■ What is required ■
Please set down, with no changes, every line of the material below from the one containing "this 1296×1728 image." through the end. Skip the pictures.
::::::::
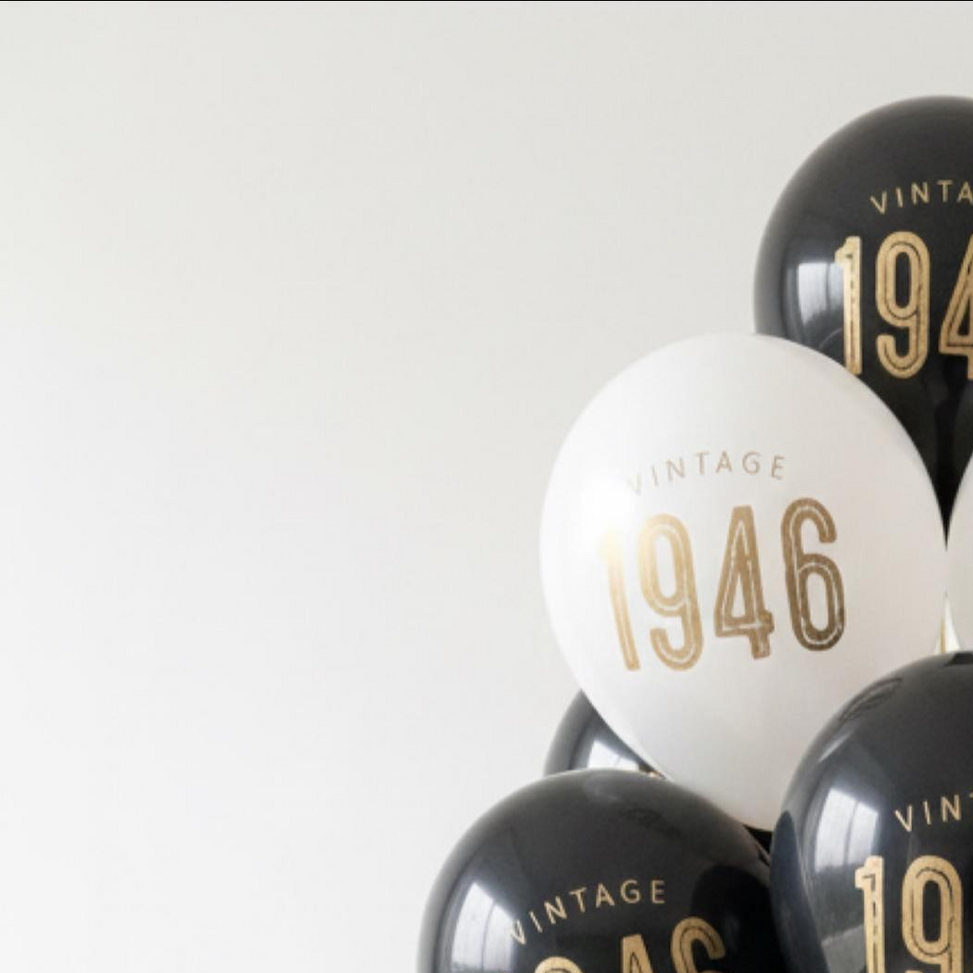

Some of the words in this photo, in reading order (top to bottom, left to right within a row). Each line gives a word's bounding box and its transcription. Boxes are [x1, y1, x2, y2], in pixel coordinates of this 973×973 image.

[626, 451, 785, 496] VINTAGE
[602, 497, 845, 671] 1946
[510, 879, 665, 945] VINTAGE
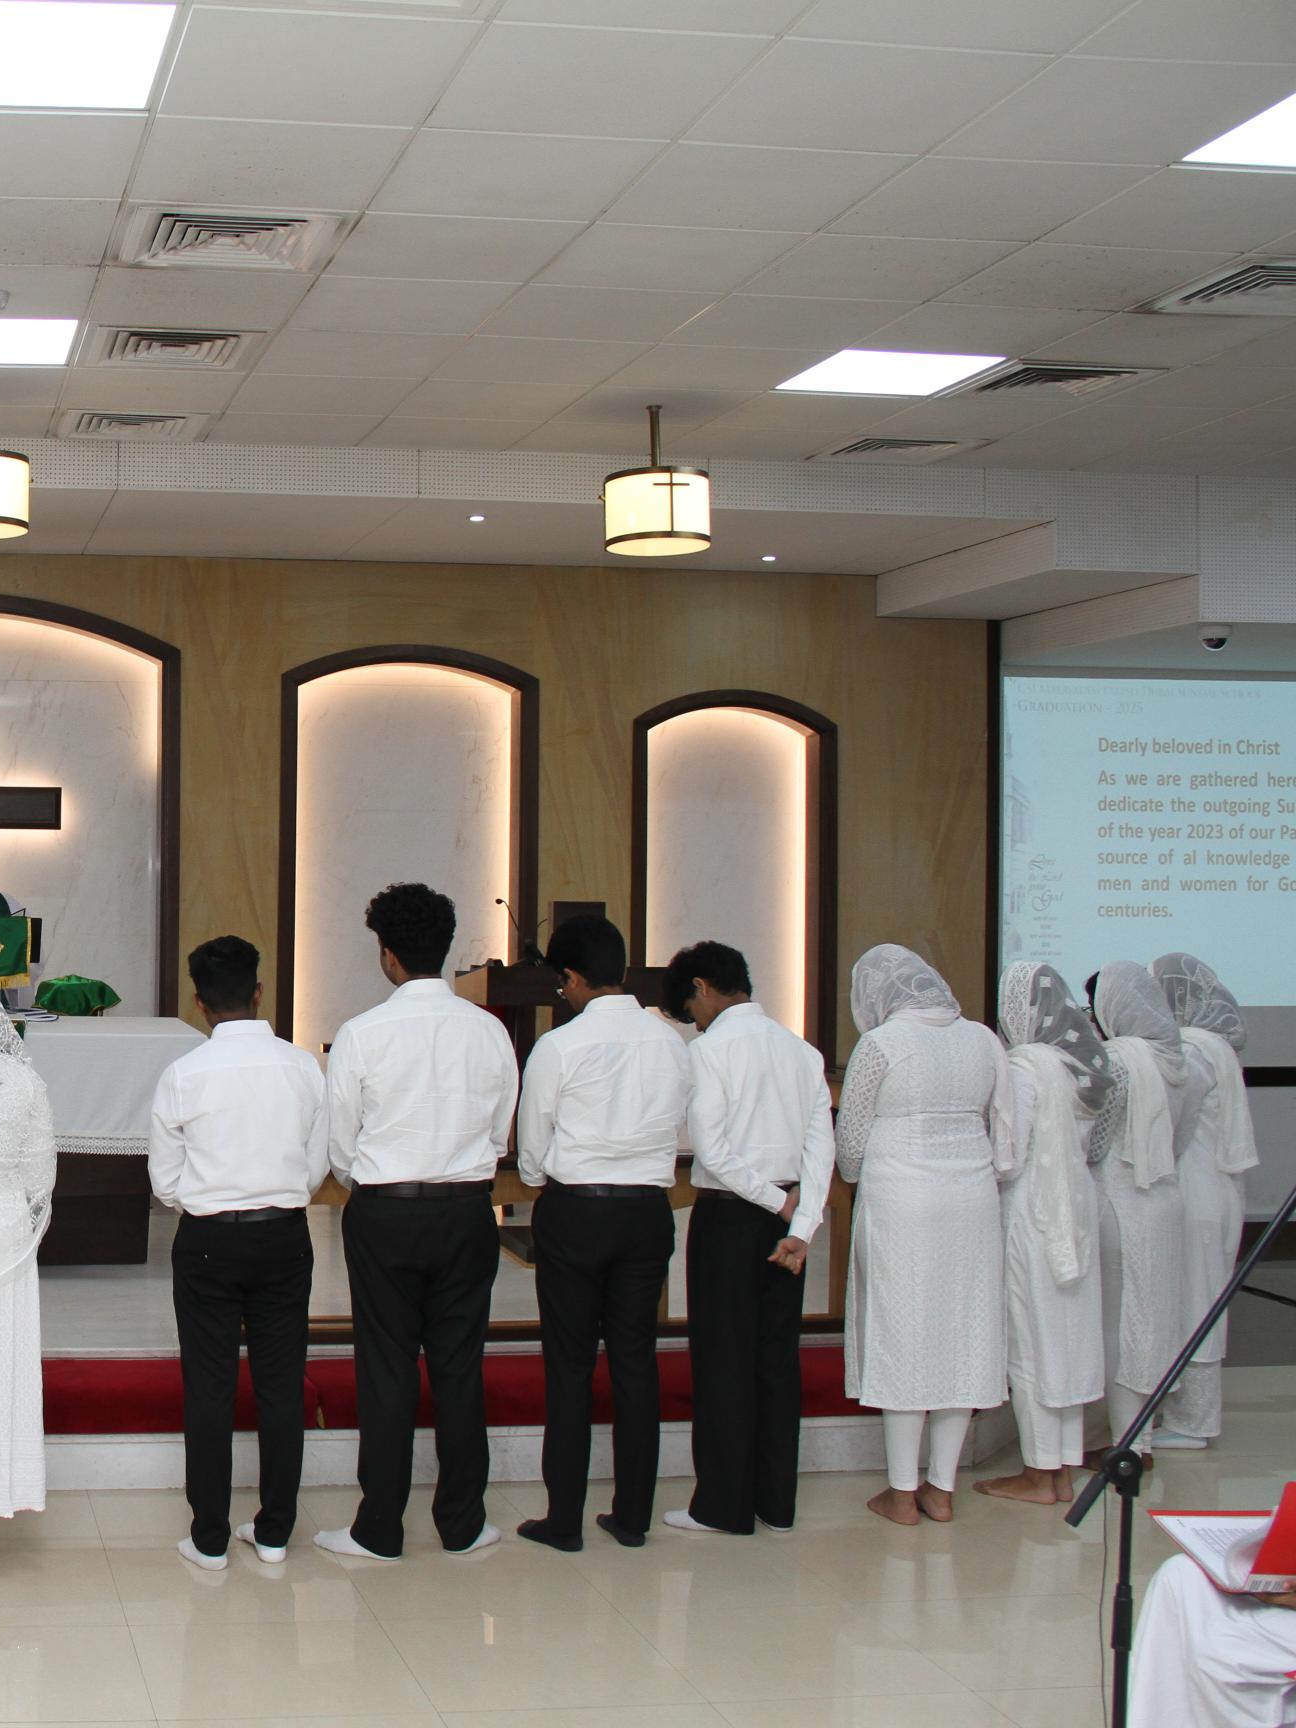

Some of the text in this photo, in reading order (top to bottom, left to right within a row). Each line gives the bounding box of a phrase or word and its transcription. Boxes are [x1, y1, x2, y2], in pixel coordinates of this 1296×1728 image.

[1098, 737, 1281, 756] Dearly beloved in Christ
[1098, 770, 1296, 790] As we are gathered here
[1098, 796, 1164, 812] dedicate
[1171, 797, 1196, 812] the
[1203, 798, 1270, 816] outgoing
[1098, 823, 1114, 838] of
[1119, 823, 1143, 838] the
[1148, 826, 1182, 841] year
[1187, 824, 1223, 839] 2023
[1228, 824, 1245, 839] of
[1249, 827, 1275, 840] our
[1097, 849, 1290, 869] source of al knowledge
[1097, 878, 1132, 892] men
[1141, 876, 1170, 891] and
[1180, 879, 1237, 892] women
[1246, 875, 1269, 891] for
[1097, 902, 1173, 917] centuries.
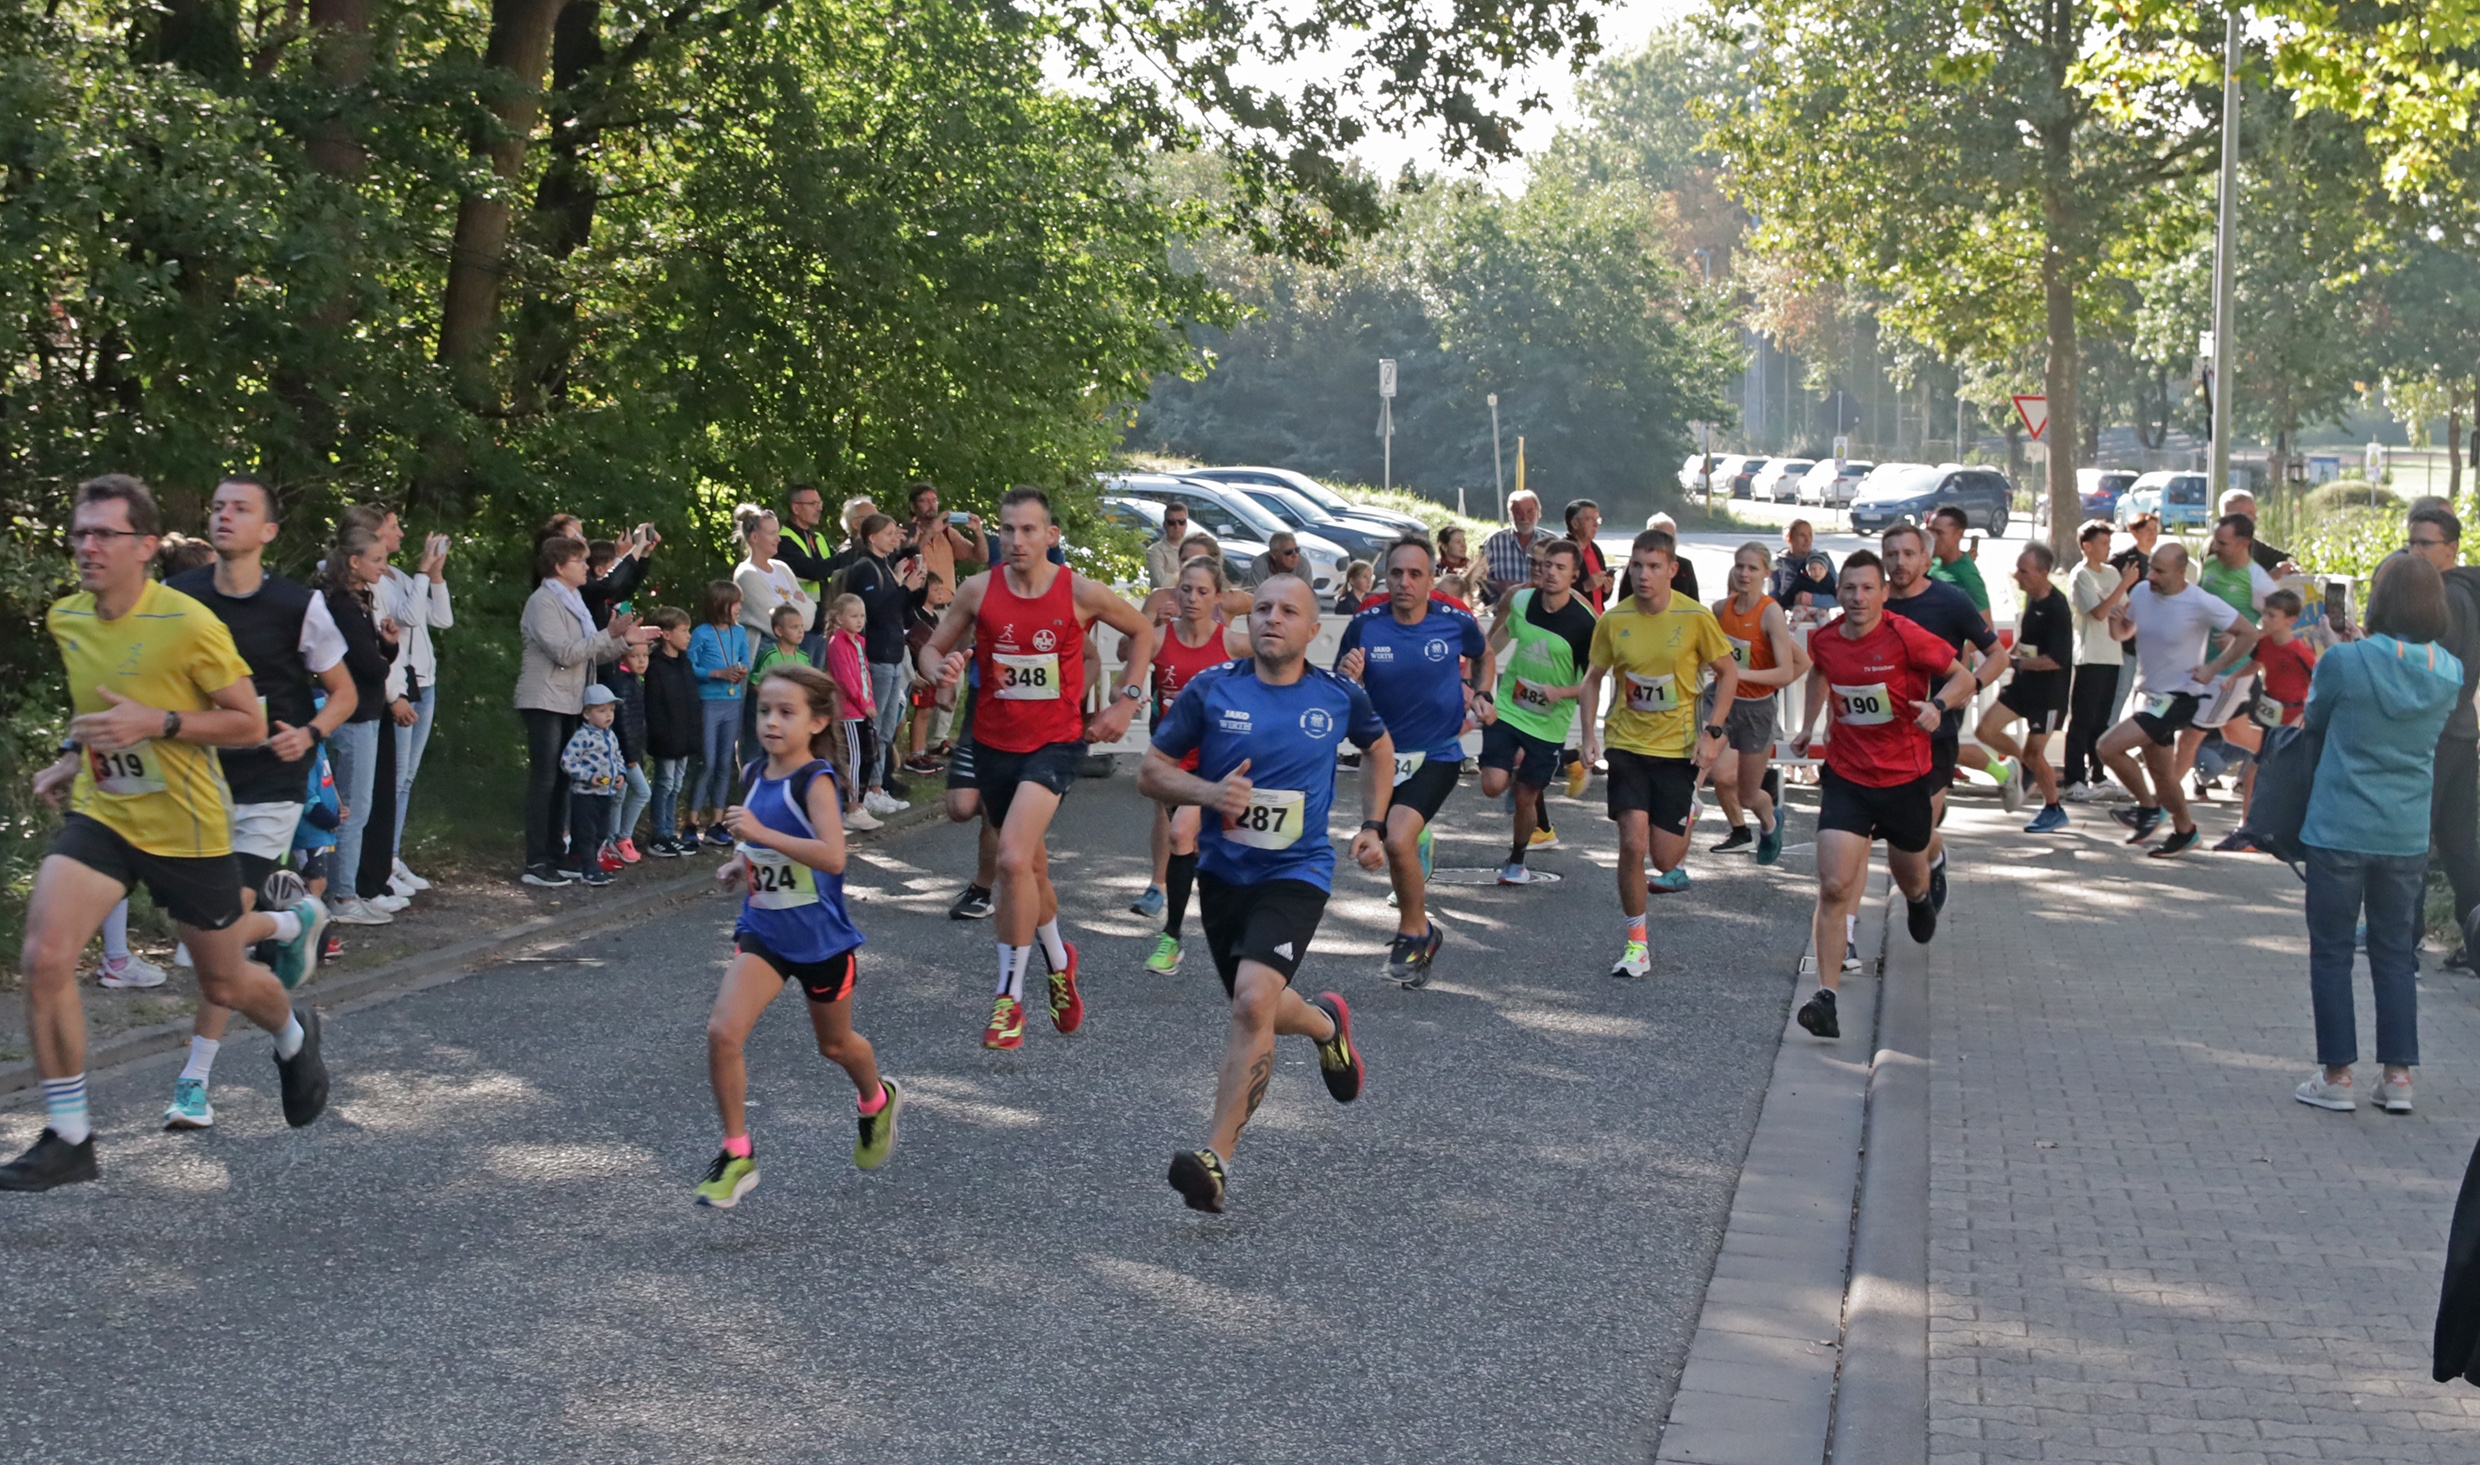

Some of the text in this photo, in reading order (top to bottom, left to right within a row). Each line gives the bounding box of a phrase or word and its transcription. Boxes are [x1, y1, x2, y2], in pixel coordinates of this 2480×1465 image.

[1004, 667, 1047, 687] 348
[1520, 688, 1545, 706] 482
[1633, 686, 1664, 701] 471
[1842, 697, 1879, 714] 190
[1224, 710, 1250, 720] JAKO
[1219, 720, 1252, 731] WIRTH
[97, 752, 144, 777] 319
[1236, 805, 1288, 833] 287
[751, 865, 797, 892] 324
::::::::
■ Output ■
Some of the text in this photo, in reading order (top to bottom, left to right within a row). Each line gives the bounding box of a phrase or word and its transcription. Boxes are [x1, y1, x2, y2], in pixel coordinates of this 1296×1728 image.

[1098, 737, 1281, 756] Dearly beloved in Christ
[1098, 770, 1296, 790] As we are gathered here
[1098, 796, 1164, 812] dedicate
[1171, 797, 1196, 812] the
[1203, 798, 1270, 816] outgoing
[1098, 823, 1114, 838] of
[1119, 823, 1143, 838] the
[1148, 826, 1182, 841] year
[1187, 824, 1223, 839] 2023
[1228, 824, 1245, 839] of
[1249, 827, 1275, 840] our
[1097, 849, 1290, 869] source of al knowledge
[1097, 878, 1132, 892] men
[1141, 876, 1170, 891] and
[1180, 879, 1237, 892] women
[1246, 875, 1269, 891] for
[1097, 902, 1173, 917] centuries.

Some of the text in this photo, in reading order (top to bottom, left to right within a row). Each line gives the bounding box of a phrase or word and its transcription. Boxes are [x1, y1, x2, y2], in pixel coordinates of this 2480×1465 image.

[1004, 667, 1047, 687] 348
[1520, 688, 1545, 706] 482
[1633, 686, 1664, 701] 471
[1842, 697, 1879, 714] 190
[1224, 710, 1250, 720] JAKO
[1219, 720, 1252, 731] WIRTH
[97, 752, 144, 777] 319
[1236, 805, 1288, 833] 287
[751, 865, 797, 892] 324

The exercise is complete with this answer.